In September, the power supply at the airport was also cut off for almost an hour after its electricity substation in Meruya, West Jakarta, caught fire.
The failure caused Soekarno-Hatta’s control tower to go blank for 45 minutes, forcing aircraft to remain airborne until the system was fixed.
Sunday’s incident once again exposed problems with air traffic control (ATC) management that have long been left unresolved.
Despite rapid growth in passenger numbers, Soekarno-Hatta uses a 26-year-old system, called the Jakarta Automated Air Traffic Service (JAATS), to track around 2,000 aircraft on a daily basis — four times higher than the system’s original design capacity.
Although the JAATS was upgraded in 1996, the system seems to be overloaded by the increasing number of flights.
According to aviation experts, when the system fails, airplanes are forced to continue flying around the airport for up to 45 minutes until the ATC gives them landing clearance.
This could trigger an accident because not all commercial aircraft have suitable equipment to avoid collision.
Expansion of airline infrastructure has not been able to keep up with the soaring number of passengers at the airport.
Ranked 16th in the world’s busiest airports by passenger traffic, Soekarno-Hatta accommodated more than 50 million passengers in 2011, or more than twice its designed annual capacity of 22 million passengers.

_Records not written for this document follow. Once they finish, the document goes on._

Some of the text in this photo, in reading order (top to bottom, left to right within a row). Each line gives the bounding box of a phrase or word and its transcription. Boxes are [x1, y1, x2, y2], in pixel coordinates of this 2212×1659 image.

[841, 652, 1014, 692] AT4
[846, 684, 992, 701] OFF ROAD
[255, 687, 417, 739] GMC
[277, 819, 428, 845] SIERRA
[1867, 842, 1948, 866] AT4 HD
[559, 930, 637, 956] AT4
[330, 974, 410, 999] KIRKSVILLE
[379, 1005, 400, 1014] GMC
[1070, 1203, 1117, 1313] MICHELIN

Limited infrastructure is one of the industry’s major barriers to improving its safety and on-time
Frequent flight delays also lead to problems due to additional costs that affect all parties, especially travelers.

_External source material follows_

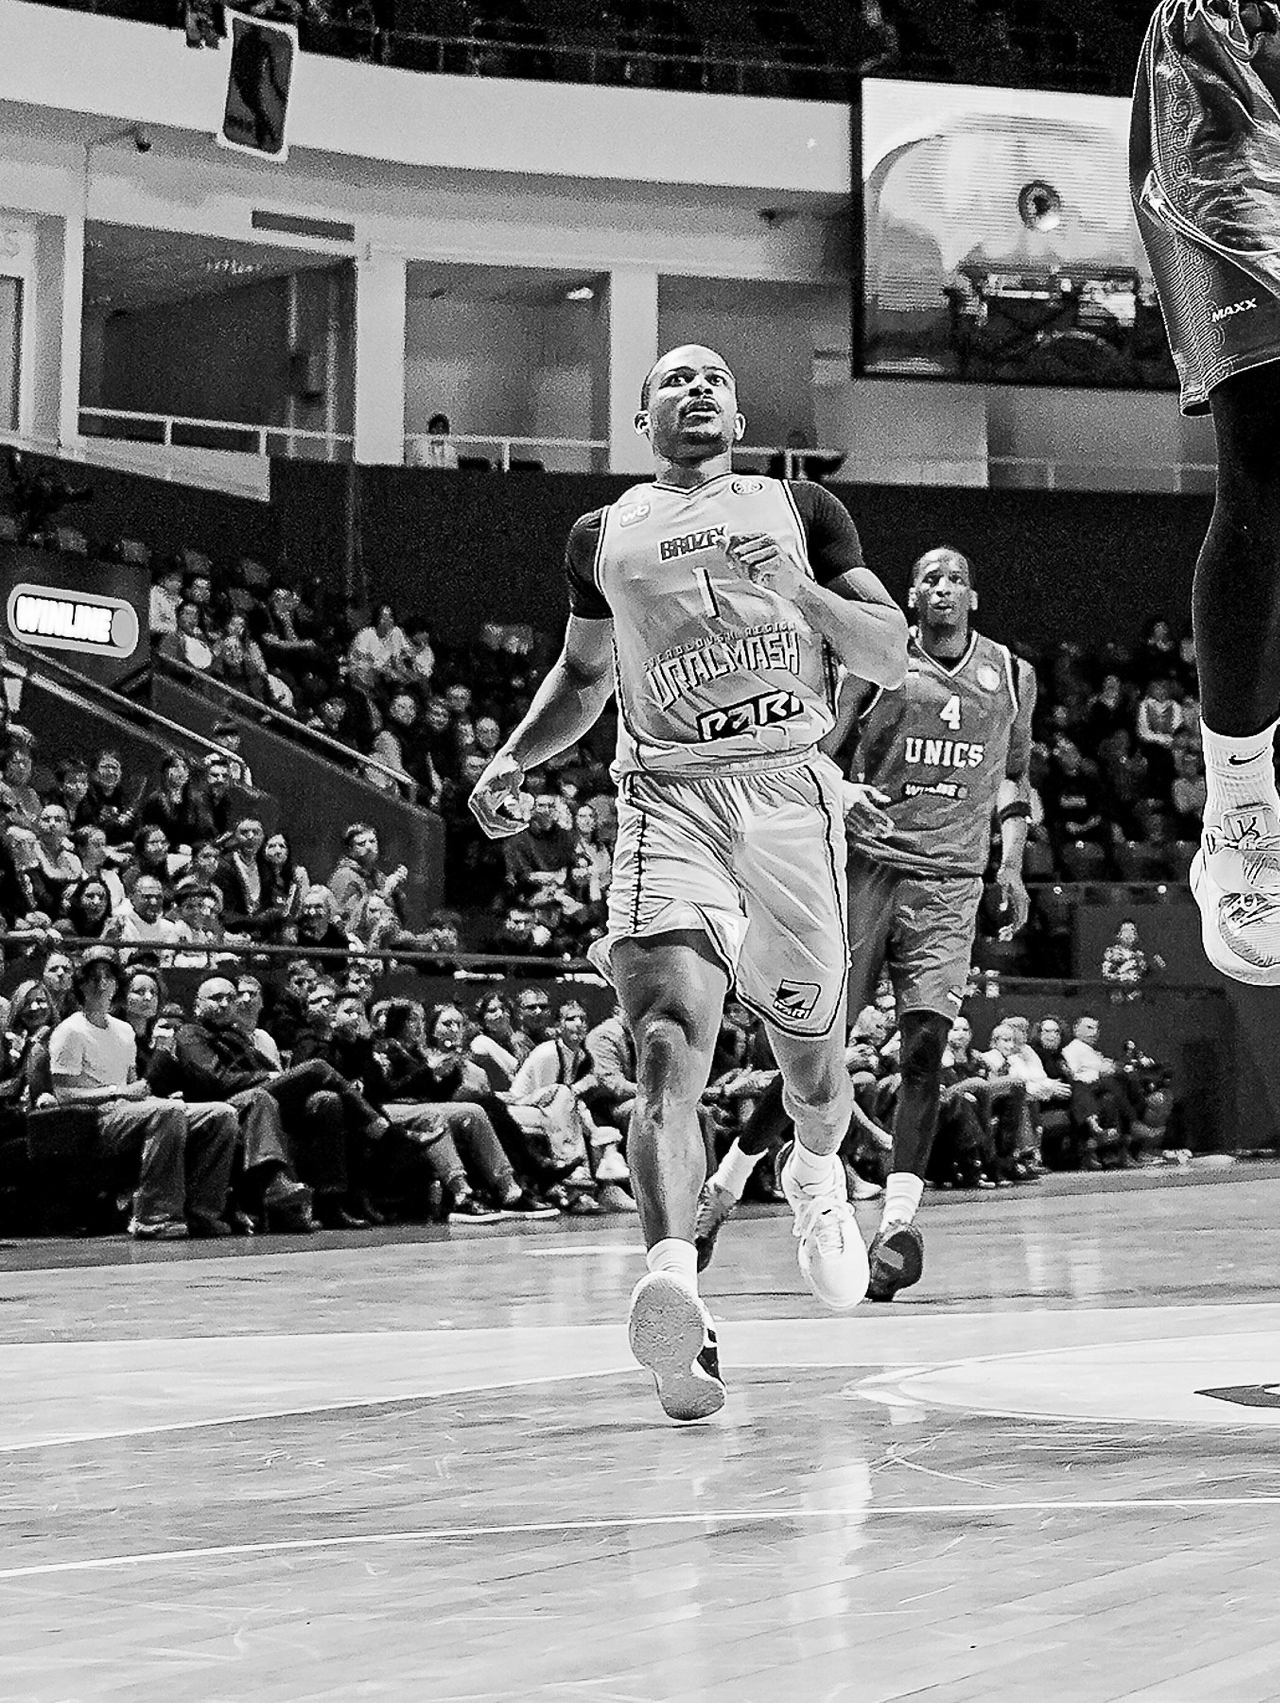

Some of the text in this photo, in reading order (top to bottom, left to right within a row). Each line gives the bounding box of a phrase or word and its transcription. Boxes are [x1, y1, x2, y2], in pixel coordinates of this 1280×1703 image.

[16, 595, 113, 644] WINLINE
[647, 632, 800, 711] URALMASH
[939, 694, 961, 731] 4
[904, 737, 985, 769] UNICS

“Vested interests” may be behind sluggish official efforts to upgrade the nation’s antiquated and overburdened ATC system, despite the potential for midair collisions.
Critics have said that plans to separate ATC management from state airport operator PT Angkasa Pura II by 2012, as required by the 2009 Aviation Law, appeared to be at a stalemate.
Money may be one reason why the state airport operators have been slow to overhaul the nation’s ATC system, which is comprised principally of air traffic controllers directing aircraft on the ground and in the air to avoid collisions.
The ATC business, for example, accounts for at least 10 percent of the revenue of Angkasa Pura II, which manages Soekarno-Hatta International Airport, according to the company. (han/iwa)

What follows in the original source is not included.